W ostatnim czasie tradycją jednak stało się to, że większe emocje na naszym rynku pojawiają się wraz ze zbliżającym się otwarciem notowań w Stanach Zjednoczonych. Tak samo zresztą było i tym razem. Zaraz po godz. 15 byki przystąpiły do bardziej zdecydowanego ataku. WIG20 zaczął zyskiwać nawet 0,8 proc. i pojawiła się szansa, że kolejną sesję indeks największych firm naszego parkietu zakończy solidnymi wzrostami.
Kiedy jednak po kilkunastu minutach od otwarcia sesji na Wall Street indeksy tamtejszego rynku znalazły się pod kreską, również i u nas inwestorzy zaczęli pozbywać się akcji. Ostatecznie jednak to byki wygrały czwartkową batalię, chociaż wzrost rzędu 0,2 proc. na pewno ciężko uznać za wybitne osiągnięcie. Warto jednak zwrócić uwagę, że mimo niewielkich zmian obroty na całym rynku przekroczyły 1 mld zł, co jest wynikiem więcej niż przyzwoitym.
Czwartkowa sesja nie wniosła wiele nowego w obraz całego rynku. WIG20 w ciągu ostatnich trzech miesięcy zyskał ponad 25 proc., co najdobitniej pokazuje, że teraz to byki rozdają u nas karty.

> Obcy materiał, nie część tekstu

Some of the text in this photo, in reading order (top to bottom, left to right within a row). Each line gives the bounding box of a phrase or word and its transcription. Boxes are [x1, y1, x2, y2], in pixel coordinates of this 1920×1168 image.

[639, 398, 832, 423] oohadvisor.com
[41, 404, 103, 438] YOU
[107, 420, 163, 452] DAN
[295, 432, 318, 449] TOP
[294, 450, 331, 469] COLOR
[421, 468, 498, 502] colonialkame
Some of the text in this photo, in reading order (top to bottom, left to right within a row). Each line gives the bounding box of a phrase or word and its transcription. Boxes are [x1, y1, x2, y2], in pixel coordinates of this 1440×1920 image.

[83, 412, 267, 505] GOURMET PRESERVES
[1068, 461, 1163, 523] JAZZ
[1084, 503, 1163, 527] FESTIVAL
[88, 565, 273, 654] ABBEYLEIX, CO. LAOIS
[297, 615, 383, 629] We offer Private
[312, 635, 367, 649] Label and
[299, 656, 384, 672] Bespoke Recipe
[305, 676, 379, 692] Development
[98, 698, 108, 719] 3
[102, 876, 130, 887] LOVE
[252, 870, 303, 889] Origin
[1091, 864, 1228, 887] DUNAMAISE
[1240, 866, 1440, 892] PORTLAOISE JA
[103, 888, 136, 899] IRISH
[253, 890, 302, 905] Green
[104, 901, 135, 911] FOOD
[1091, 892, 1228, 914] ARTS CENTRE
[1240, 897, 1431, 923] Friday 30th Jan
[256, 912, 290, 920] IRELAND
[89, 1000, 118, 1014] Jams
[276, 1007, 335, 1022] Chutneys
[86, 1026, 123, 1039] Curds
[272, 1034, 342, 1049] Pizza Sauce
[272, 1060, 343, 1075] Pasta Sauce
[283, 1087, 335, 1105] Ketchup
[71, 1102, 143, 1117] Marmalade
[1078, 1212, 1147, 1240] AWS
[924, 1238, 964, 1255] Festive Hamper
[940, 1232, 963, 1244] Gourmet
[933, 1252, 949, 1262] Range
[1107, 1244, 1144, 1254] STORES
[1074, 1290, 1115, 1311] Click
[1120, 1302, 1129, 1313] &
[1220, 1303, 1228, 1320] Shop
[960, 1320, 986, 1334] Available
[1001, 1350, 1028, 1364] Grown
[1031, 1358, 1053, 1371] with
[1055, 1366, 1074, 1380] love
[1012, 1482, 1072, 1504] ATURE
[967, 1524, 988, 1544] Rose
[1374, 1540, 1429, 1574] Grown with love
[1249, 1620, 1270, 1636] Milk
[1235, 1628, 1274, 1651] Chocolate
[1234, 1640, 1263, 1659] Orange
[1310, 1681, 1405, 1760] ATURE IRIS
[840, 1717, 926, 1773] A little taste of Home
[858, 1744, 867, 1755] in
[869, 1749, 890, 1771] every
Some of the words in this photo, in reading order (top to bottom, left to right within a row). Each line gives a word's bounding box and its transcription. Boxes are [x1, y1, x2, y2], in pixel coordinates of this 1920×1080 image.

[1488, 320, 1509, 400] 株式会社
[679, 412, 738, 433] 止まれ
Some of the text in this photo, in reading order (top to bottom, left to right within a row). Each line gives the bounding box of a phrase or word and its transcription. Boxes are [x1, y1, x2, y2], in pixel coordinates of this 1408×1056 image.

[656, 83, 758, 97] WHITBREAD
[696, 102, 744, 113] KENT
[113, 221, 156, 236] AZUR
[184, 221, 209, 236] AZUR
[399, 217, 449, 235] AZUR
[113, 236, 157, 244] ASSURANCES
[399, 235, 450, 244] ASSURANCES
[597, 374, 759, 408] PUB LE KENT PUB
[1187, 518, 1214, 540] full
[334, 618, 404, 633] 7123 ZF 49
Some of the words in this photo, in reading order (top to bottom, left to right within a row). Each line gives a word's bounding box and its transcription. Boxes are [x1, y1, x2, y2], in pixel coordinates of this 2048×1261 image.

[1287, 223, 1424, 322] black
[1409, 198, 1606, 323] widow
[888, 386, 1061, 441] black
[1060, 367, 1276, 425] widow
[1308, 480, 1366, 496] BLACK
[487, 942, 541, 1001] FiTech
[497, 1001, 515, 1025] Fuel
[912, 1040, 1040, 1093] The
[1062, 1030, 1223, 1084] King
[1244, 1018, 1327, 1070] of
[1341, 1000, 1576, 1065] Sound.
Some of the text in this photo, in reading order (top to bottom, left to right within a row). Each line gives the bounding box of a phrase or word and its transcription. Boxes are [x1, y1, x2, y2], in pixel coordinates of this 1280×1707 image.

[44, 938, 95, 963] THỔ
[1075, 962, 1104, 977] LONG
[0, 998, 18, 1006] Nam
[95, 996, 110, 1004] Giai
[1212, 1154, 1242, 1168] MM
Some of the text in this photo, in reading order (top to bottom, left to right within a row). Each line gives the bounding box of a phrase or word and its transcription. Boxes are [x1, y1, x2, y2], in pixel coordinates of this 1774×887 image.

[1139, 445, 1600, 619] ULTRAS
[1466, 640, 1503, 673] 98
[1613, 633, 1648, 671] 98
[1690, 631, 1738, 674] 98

Coraz częściej słychać jednak głosy, że po tak solidnej zwyżce przydałaby się naszemu kilku procentowa korekta. Mimo prób podaży, na kilku poprzednich sesjach na, razie jednak się na nią nie zanosi. Tym bardziej, że w zasięgu ręki byki mają kolejną psychologiczną barierę 2300 pkt. Po czwartkowej sesji brakuje do niej jeszcze 44 pkt.